Two Yorkshire inventions to be commemorated in special stamp collection

Two significant inventions with Yorkshire connections will be honoured in a special run of stamps produced by Royal Mail. Credit: Royal Mail

Two significant inventions with Yorkshire connections will be honoured in a special run of stamps produced by Royal Mail.

The "Inventive Britain" collection includes Sheffield Steel, the product which made the city synonymous with metal production, and catseyes which were invented by a man from Huddersfield.

The stamps depict eight key inventions created by British inventors over the last century:

  • Colossus computer,

  • World Wide Web,

  • Catseyes,

  • Fibre Optics,

  • Stainless Sheffield Steel,

  • Carbon Fibre,

  • DNA Sequencing

  • The i-limb

Sheffield has become synonymous with steel Credit: Press Association

In 1913, Sheffield-born Harry Brearley originally set out to produce a steel to use in gun manufacturing that was resistant to erosion and instead created one that was resistant to corrosion, which he originally named ‘rustless steel’. While others before him had researched iron–chromium alloys, it was Brearley who capitalised on his discovery, recognising its value to industry.

Stainless steel was invented in 1913 by Sheffield-born Harry Brearley. It is still used today in everything from car exhausts to heart valves to the cladding of Canary Wharf Tower.

The stainless steel stamp celebrates on of Sheffield’s best known and most important inventions.

Stainless Steel fact-file:

  • It is made predominantly from iron, which gives it strength, but the addition of the metal chromium makes steel become ‘stainless’,

  • Can withstand extreme cold or intense heat,

  • It is fully recyclable, durable and can be cut, welded, machined, rolled, moulded and fabricated for a multitude of uses.
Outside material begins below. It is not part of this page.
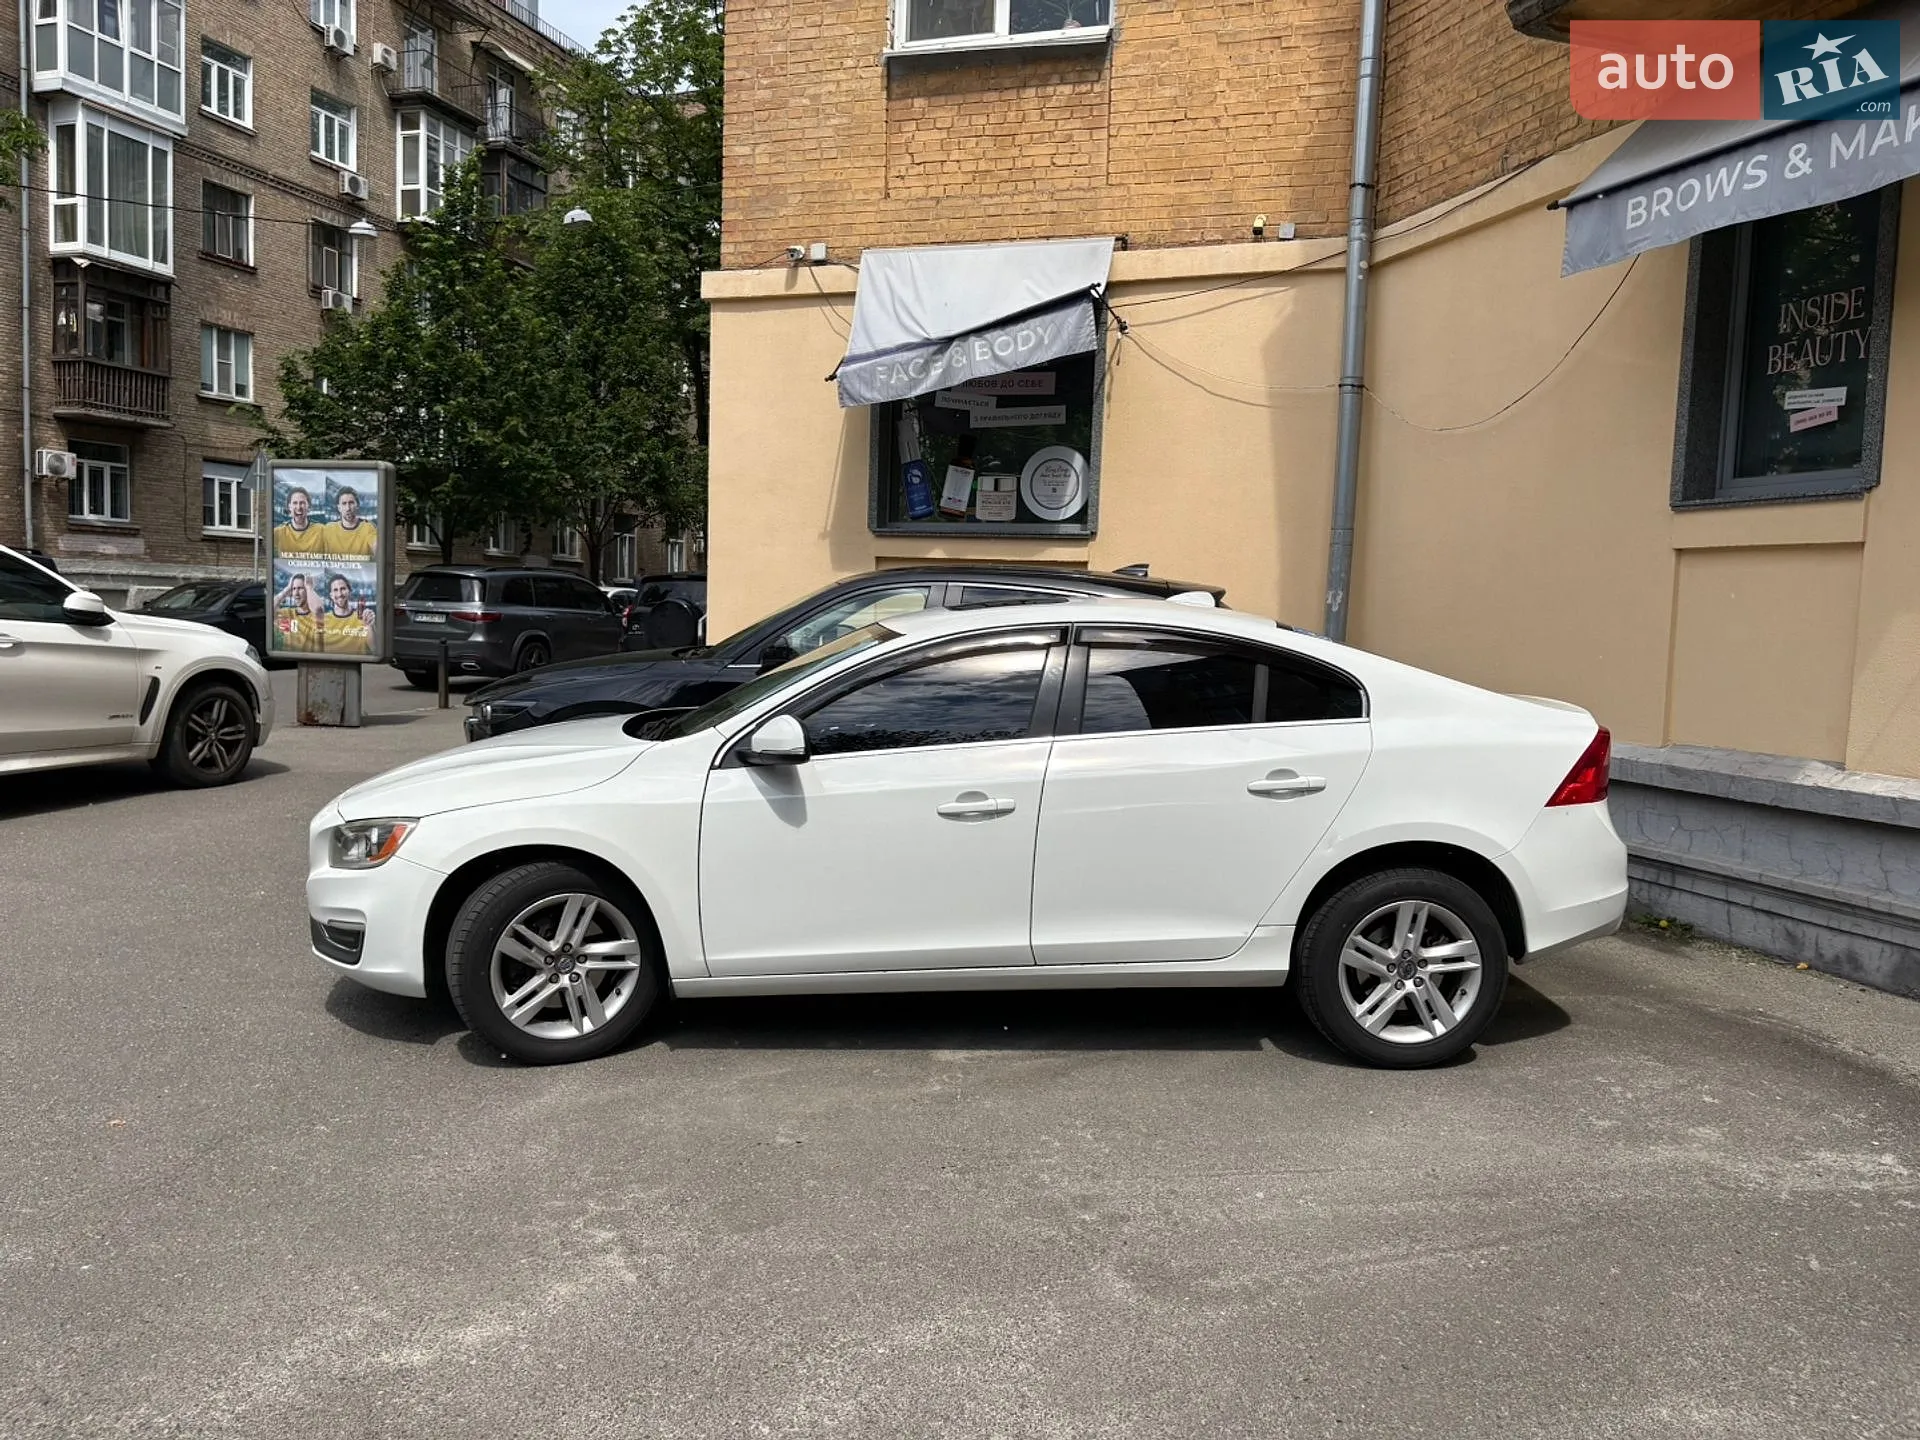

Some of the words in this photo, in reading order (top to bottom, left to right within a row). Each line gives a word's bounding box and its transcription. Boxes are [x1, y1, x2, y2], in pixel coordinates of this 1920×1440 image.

Catseye roadstuds comprise four glass beads, each with a reflective coating applied, embedded within a rubber housing encased in a cast-iron base. Credit: Press Association

Percy Shaw had his own road-surfacing business at the time he developed and patented the ‘Catseye’ reflecting roadstud in 1934. Despite its brilliance, it took a decade for its merits to be fully realised; Second World War blackouts would lead to the widespread implementation of Catseyes in Britain.

Shaw’s entrepreneurial drive translated his idea into a commercial product that was manufactured in great numbers and became invaluable to the wider world. Since that time, Catseyes have never fundamentally changed in their functionality, demonstrating the excellence of the original design.